Figure 2. Temporal dynamics in the fate of Wnt responsive cells in the inner ear.

Whole mount views of X-gal stained inner ears (E18.5) exposed to tamoxifen at different developmental time points to induce TopCreER dependent activation of Rosa^lacZ. (A–C) The inner ears of TopCreER; Rosa^lacZ embryos receiving tamoxifen between E7.75 and E9.5 showed a high degree of X-gal staining in most dorsally derived vestibular structures including, the anterior and posterior semicircular canals (asc, psc) and associated ampullae (aa, pa), endolymphatic duct (ed), and common crus (cc).

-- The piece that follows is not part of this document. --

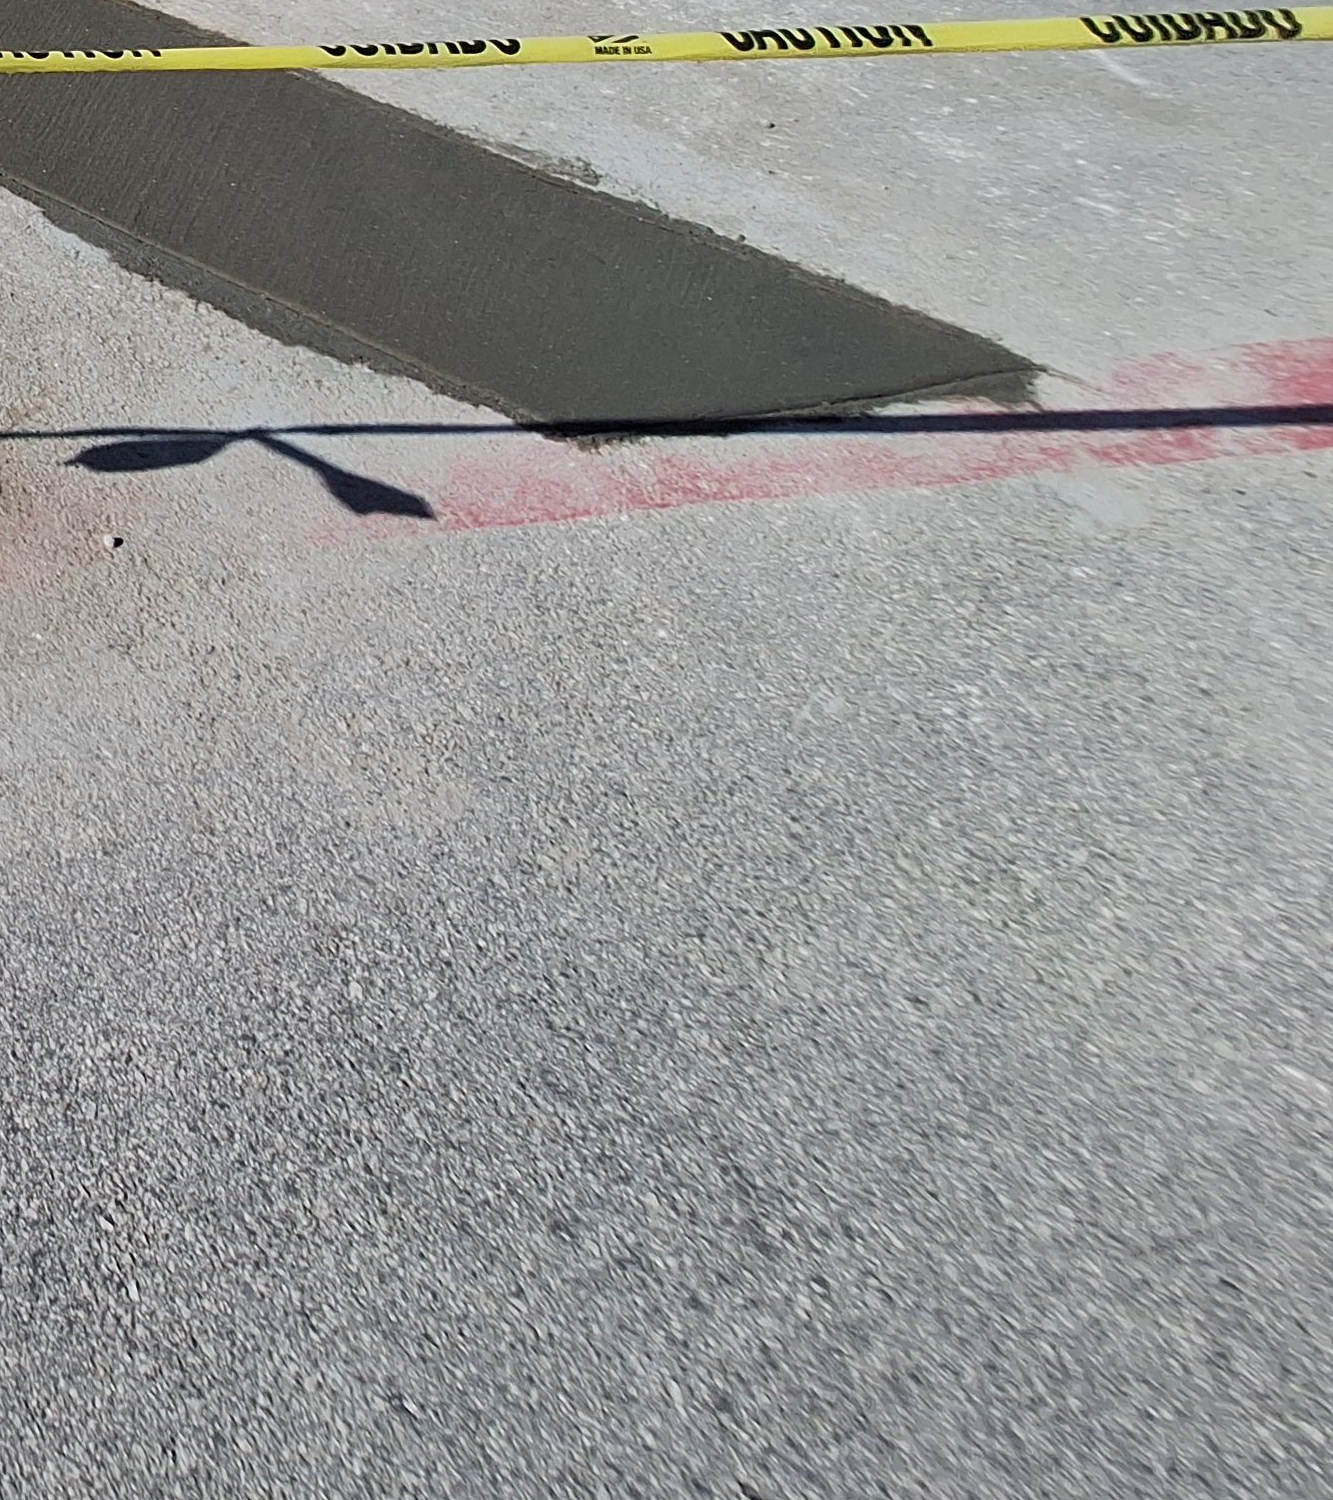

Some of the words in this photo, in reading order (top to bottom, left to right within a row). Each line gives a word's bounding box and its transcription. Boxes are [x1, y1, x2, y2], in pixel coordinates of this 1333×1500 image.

[594, 46, 620, 55] MADE
[622, 46, 632, 55] IN
[633, 46, 652, 55] USA

Ample staining was also observed in the ventrally derived cochlear duct (cd) and cochleovestibular ganglion (cvg). (D) Tamoxifen administration at E10.5 saw continued X-gal staining in vestibular structures, yet labeling in the cochlear duct was dramatically reduced. (E–F) TopCreER; Rosa^lacZ embryos exposed to tamoxifen at E11.5 and E12.5 showed consistently patchy X-gal staining in vestibular structures due to reduced TopCreER expression at these stages. The cochlear duct was devoid of X-gal staining and sparse labeling was observed in the spiral ganglia.